Diluted EPS

The Fischer Company had net income of $1,500,000. Fischer paid preferred dividends of $5 on each of the 100,000 preferred shares. There are 1 million Fischer common shares outstanding. In addition to the common and preferred stock, Fischer has $25 million of 4% bonds outstanding. The face value of each bond is $1,000. Each bond is convertible into 40 common shares.
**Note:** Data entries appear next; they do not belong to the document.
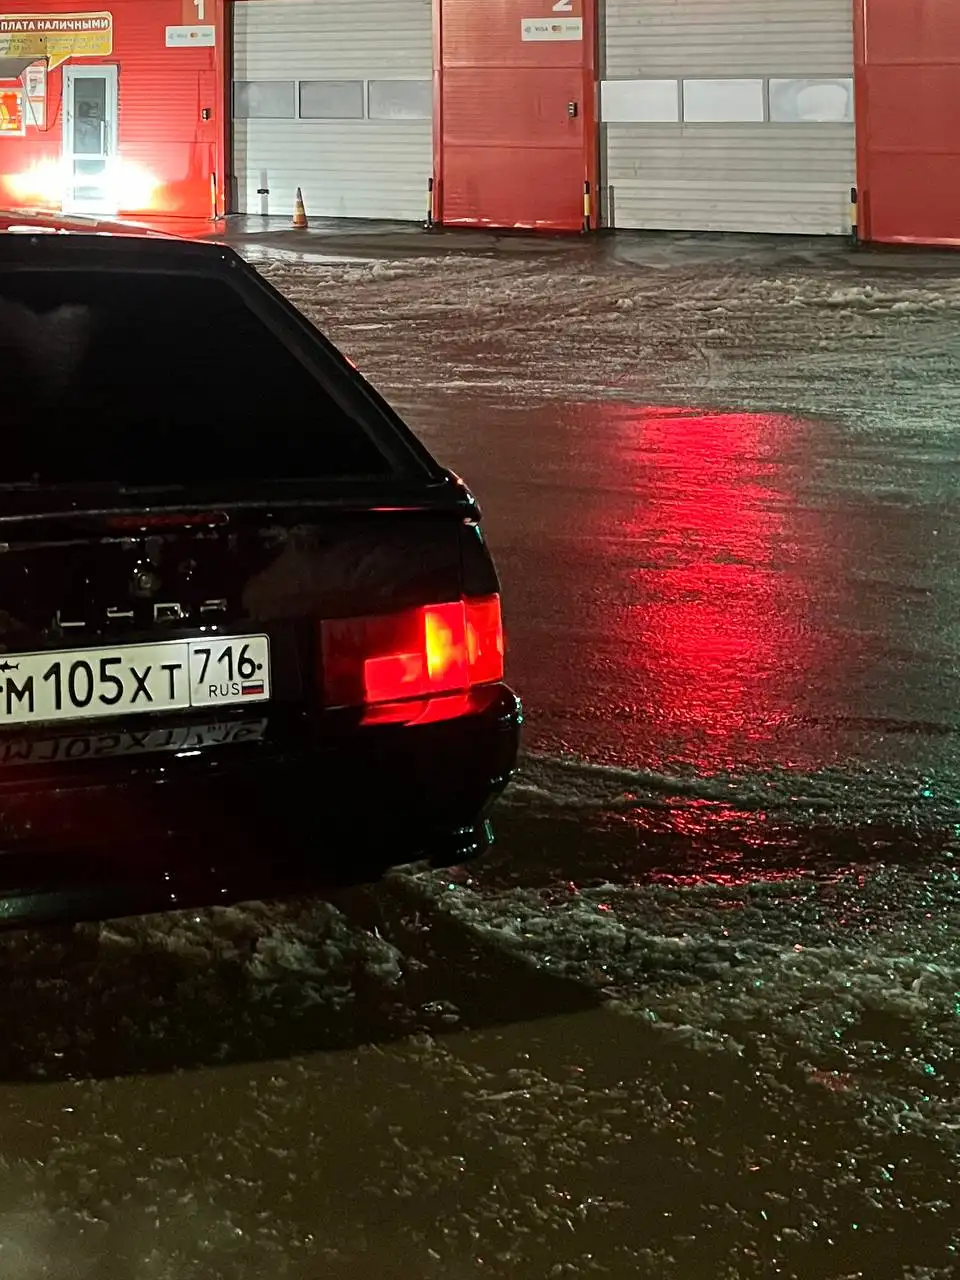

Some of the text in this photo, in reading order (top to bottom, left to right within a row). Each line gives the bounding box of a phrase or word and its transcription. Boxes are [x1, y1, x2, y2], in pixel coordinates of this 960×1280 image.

[37, 18, 108, 30] НАЛИЧНЫМИ
[193, 644, 256, 684] 716
[208, 682, 240, 697] RUS
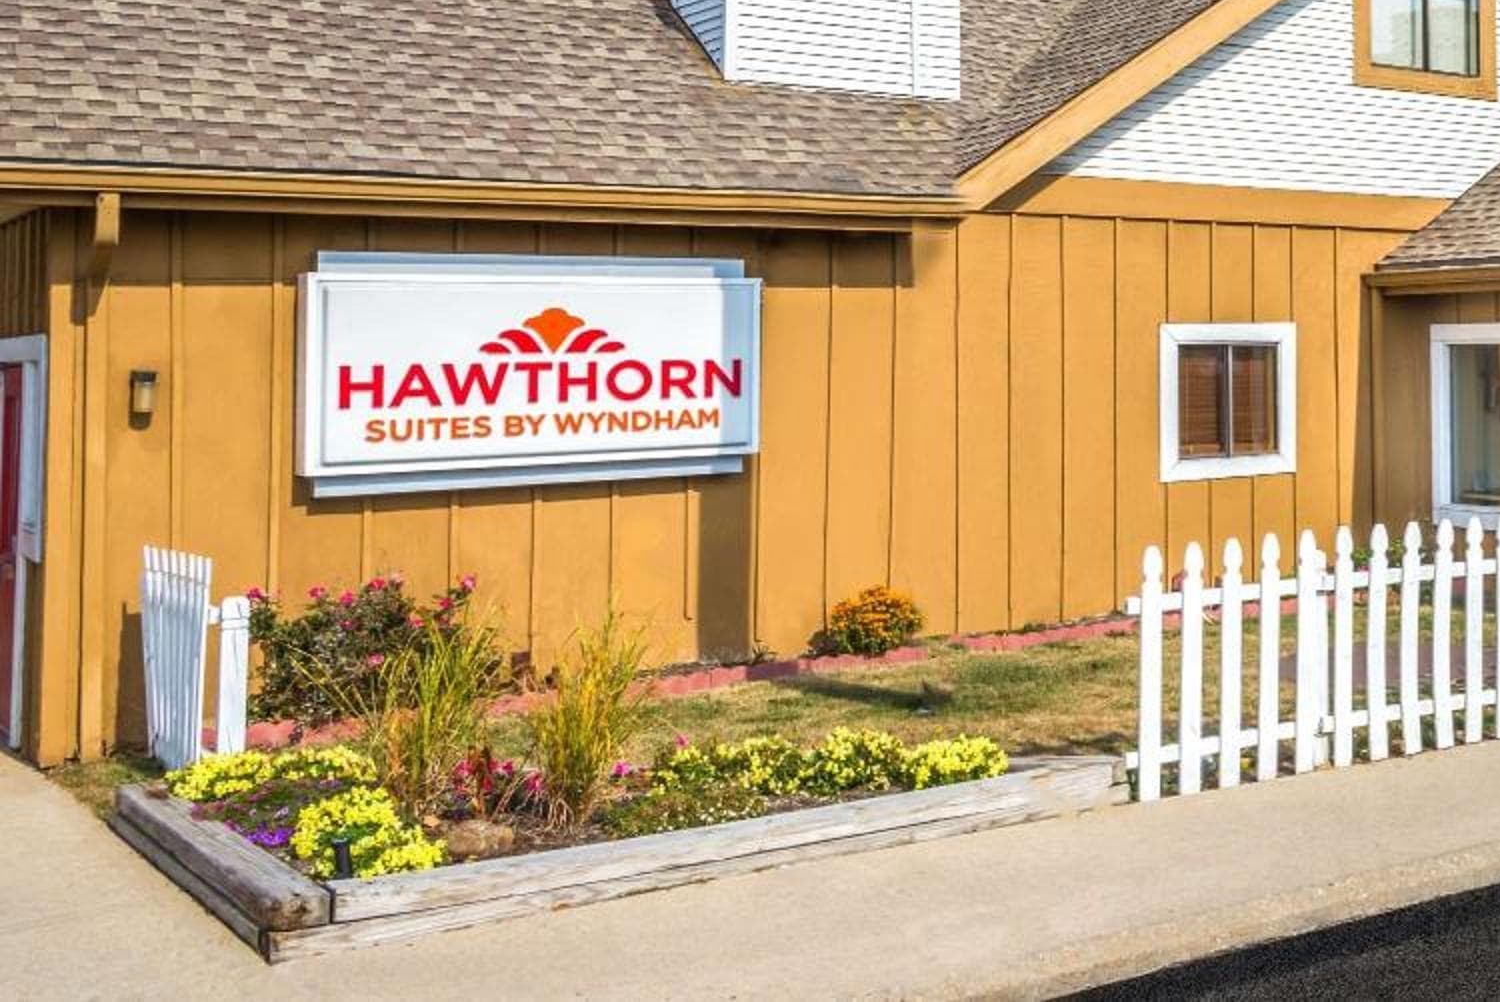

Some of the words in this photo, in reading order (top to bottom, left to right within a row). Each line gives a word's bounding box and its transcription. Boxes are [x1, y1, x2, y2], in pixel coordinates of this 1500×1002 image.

[338, 359, 743, 409] HAWTHORN
[365, 415, 492, 443] SUITES
[504, 414, 546, 438] BY
[555, 408, 720, 434] WYNDHAM
If Fischer’s tax rate is 40%, determine its basic and diluted earnings per share (EPS)?

I need help calculating diluted EPS. Thanks in advance.

If the bonds had been converted:

  • How many additional shares would be outstanding?
  • How much interest would the company have saved?
  • How much additional net income would they have had?
  • Using the new net income and the new number of shares, what’s the EPS?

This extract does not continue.